Mark Lambert, director for agriculture at Washington, DC-headquartered consultancy Quantified Ventures, told Agri Investor the firm is developing a framework for accepting investor capital to expand the Soil and Water Outcomes Fund that launched earlier this month. It had been supported by philanthropic grants from Cargill and the Walton Family Foundation.

“We have built this from the outset to be a vehicle that shifts away from what has been predominately a public-funding driven area for conservation, primarily supported by philanthropy and public funding from the federal or state government,” said Lambert, who previously served as a director with Farmland LP.

“To get to the scale that’s needed to effect change – in terms of climate change mitigation, water quality improvement, rural economic development – private capital is going to be needed.”

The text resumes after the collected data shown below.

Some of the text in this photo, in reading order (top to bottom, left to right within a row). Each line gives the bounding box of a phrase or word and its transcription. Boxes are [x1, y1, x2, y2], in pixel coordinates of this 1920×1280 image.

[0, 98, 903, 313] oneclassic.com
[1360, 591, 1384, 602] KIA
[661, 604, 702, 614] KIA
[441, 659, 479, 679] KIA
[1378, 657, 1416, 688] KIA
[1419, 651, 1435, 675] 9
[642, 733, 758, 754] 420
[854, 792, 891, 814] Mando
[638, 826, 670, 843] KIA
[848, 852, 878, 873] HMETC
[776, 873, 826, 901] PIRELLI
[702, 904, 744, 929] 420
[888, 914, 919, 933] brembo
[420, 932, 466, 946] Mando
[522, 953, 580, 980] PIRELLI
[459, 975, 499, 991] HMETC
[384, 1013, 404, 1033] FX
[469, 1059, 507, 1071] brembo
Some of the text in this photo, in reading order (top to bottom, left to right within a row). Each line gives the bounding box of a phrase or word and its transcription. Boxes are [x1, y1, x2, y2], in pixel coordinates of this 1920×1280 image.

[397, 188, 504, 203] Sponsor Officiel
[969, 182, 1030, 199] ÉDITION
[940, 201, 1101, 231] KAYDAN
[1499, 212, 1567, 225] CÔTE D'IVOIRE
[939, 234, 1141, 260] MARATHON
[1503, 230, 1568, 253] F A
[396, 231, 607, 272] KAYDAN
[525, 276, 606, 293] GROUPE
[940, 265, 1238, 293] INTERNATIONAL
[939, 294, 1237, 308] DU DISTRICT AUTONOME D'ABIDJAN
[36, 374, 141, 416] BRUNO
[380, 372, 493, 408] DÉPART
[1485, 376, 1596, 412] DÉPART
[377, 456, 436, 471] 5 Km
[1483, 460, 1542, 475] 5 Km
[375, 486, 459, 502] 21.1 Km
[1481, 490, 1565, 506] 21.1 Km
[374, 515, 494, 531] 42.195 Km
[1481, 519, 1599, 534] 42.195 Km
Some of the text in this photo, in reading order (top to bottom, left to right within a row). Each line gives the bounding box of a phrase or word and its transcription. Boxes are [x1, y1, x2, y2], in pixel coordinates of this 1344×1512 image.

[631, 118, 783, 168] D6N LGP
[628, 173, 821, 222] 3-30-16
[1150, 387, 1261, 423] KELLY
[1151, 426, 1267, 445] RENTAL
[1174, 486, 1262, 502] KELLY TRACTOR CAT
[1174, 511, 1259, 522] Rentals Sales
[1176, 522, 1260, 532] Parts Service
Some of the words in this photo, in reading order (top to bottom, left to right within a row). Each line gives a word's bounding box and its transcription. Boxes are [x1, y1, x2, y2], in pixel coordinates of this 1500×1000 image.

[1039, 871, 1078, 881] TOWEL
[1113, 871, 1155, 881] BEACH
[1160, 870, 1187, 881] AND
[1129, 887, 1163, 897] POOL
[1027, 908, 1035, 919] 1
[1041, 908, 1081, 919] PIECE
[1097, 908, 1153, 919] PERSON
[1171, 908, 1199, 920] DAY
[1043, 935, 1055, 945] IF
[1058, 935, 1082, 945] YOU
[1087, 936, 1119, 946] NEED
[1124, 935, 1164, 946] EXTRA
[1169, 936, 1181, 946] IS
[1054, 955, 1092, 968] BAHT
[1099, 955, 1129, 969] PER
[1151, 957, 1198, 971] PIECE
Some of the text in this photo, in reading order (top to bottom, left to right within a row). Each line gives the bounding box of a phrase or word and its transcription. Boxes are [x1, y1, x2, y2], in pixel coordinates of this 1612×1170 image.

The SWO fund will pay participating farmers $30 to $45 per acre after changes to enhance sustainability of their farming practices have been certified by a partner organization, Sustainable Environmental Consultants.

Starting with the approximately 10,000 Iowa acres enrolled in the pilot through collaboration with the Iowa Soybean Association, the fund will use SEC’s certifications to create water quality and carbon sequestration credits to be sold to corporate or municipal buyers.

Lambert said the project aims to build towards enrolling more than five million acres annually over the next five to 10 years, through an expansion likely to initially focus on the Corn Belt. While operating the SWO fund as a corporate entity is more likely, he added, the firm could also opt to structure its continuation as a fund.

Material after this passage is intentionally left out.